El Sistema de Agua Potable es estratégico para cualquier aspiración de reelección. Por ello, la falta de control en el SCAPSJ podría convertirse en el mayor boquete político de Rodríguez Casillas, lo que él hace arriba, los de abajo se encargan de tumbarlo, Ignorar estas señales sería un error costoso.

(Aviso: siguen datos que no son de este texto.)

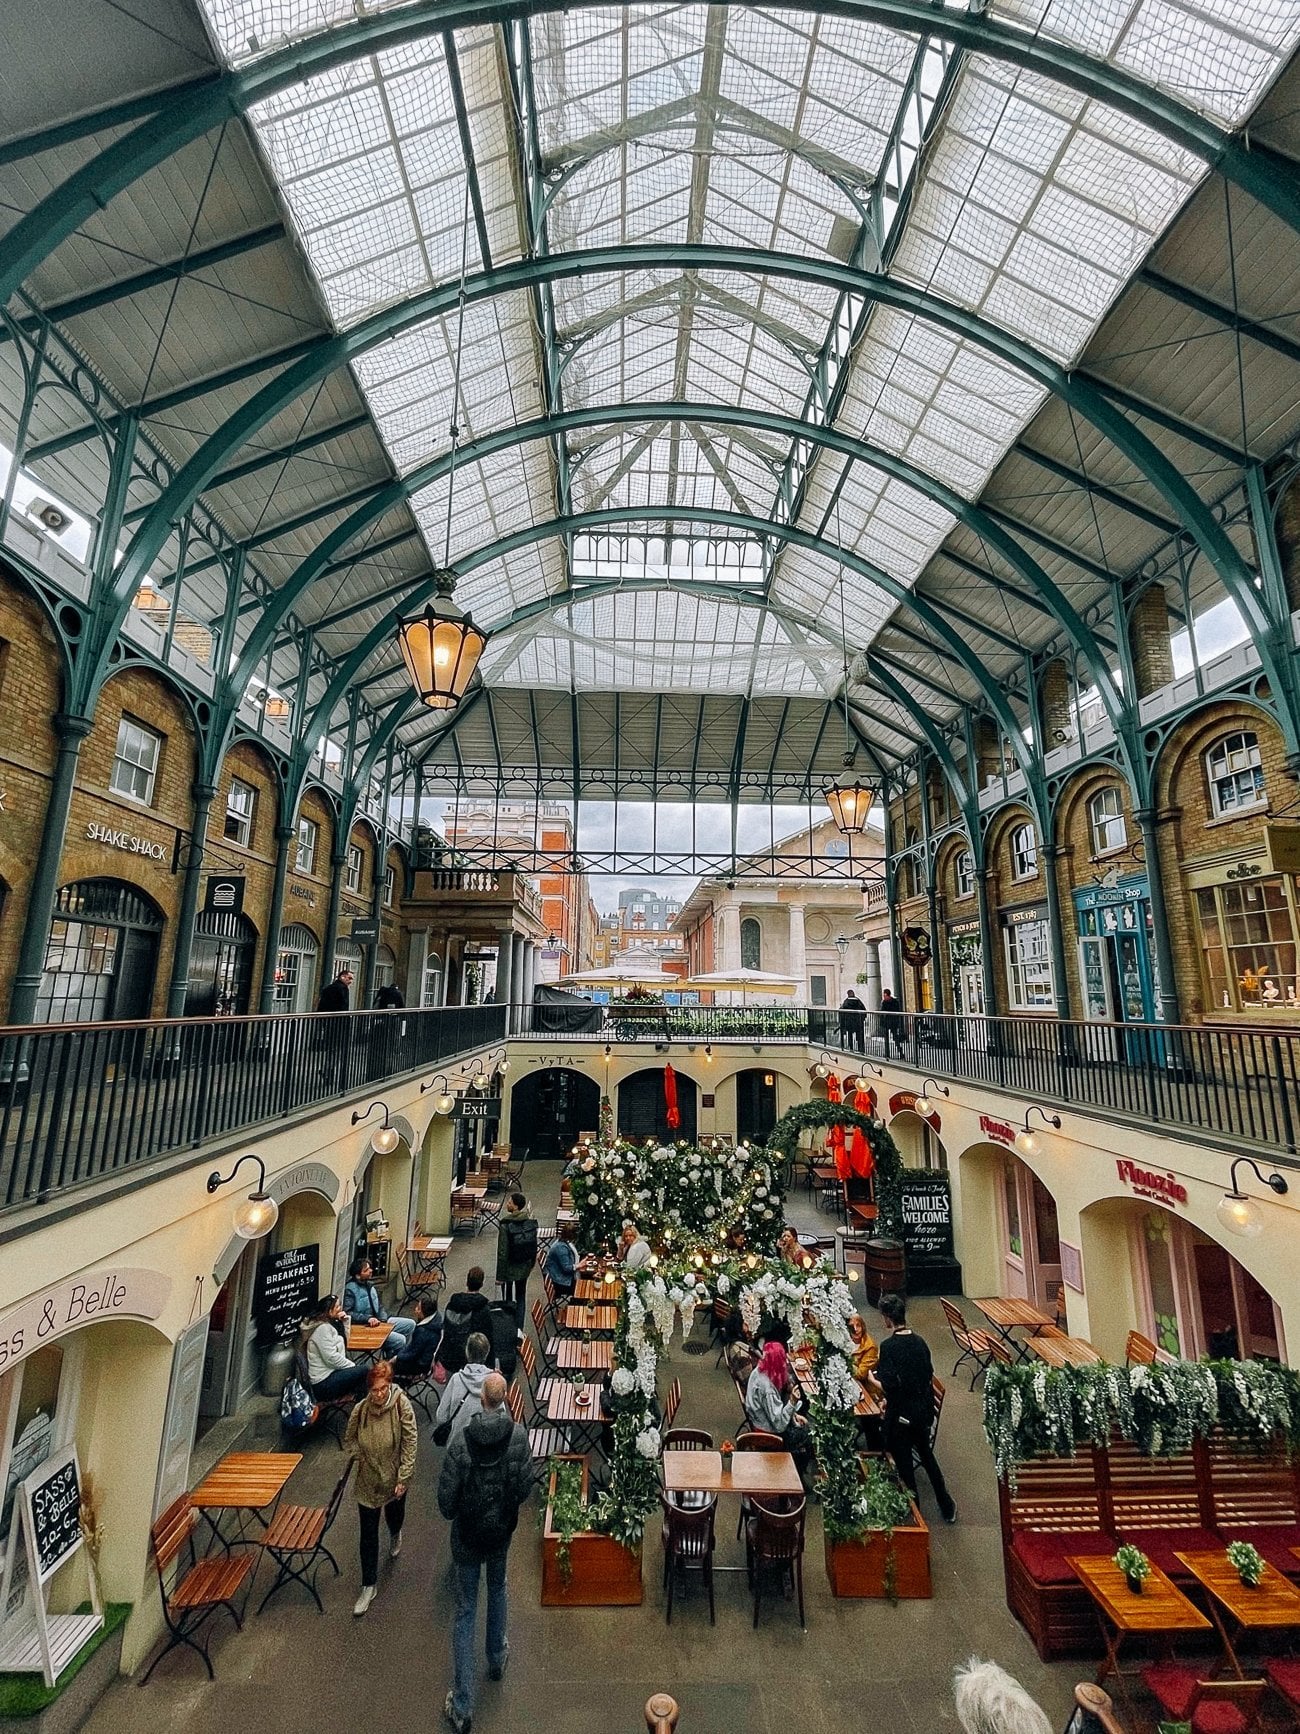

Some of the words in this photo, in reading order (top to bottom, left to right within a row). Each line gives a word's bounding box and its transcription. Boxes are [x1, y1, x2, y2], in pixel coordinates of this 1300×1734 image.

Conviene recordar que su victoria no se la otorgaron sus familiares ni sus círculos de confianza, sino los “azules”, cuyo apoyo fué decisivo. Hoy incluso existe un profundo desencanto dentro del mismo círculo cercano del presidente, derivado del abuso de recursos cometido por un familiar de su compadre, de forma alevosa y descarada.
El mensaje es claro:
Eder Rodríguez Casillas: si realmente quieres avanzar, deja de proteger a familiares, compadres e improvisados. De lo contrario, la sorpresa electoral será inevitable.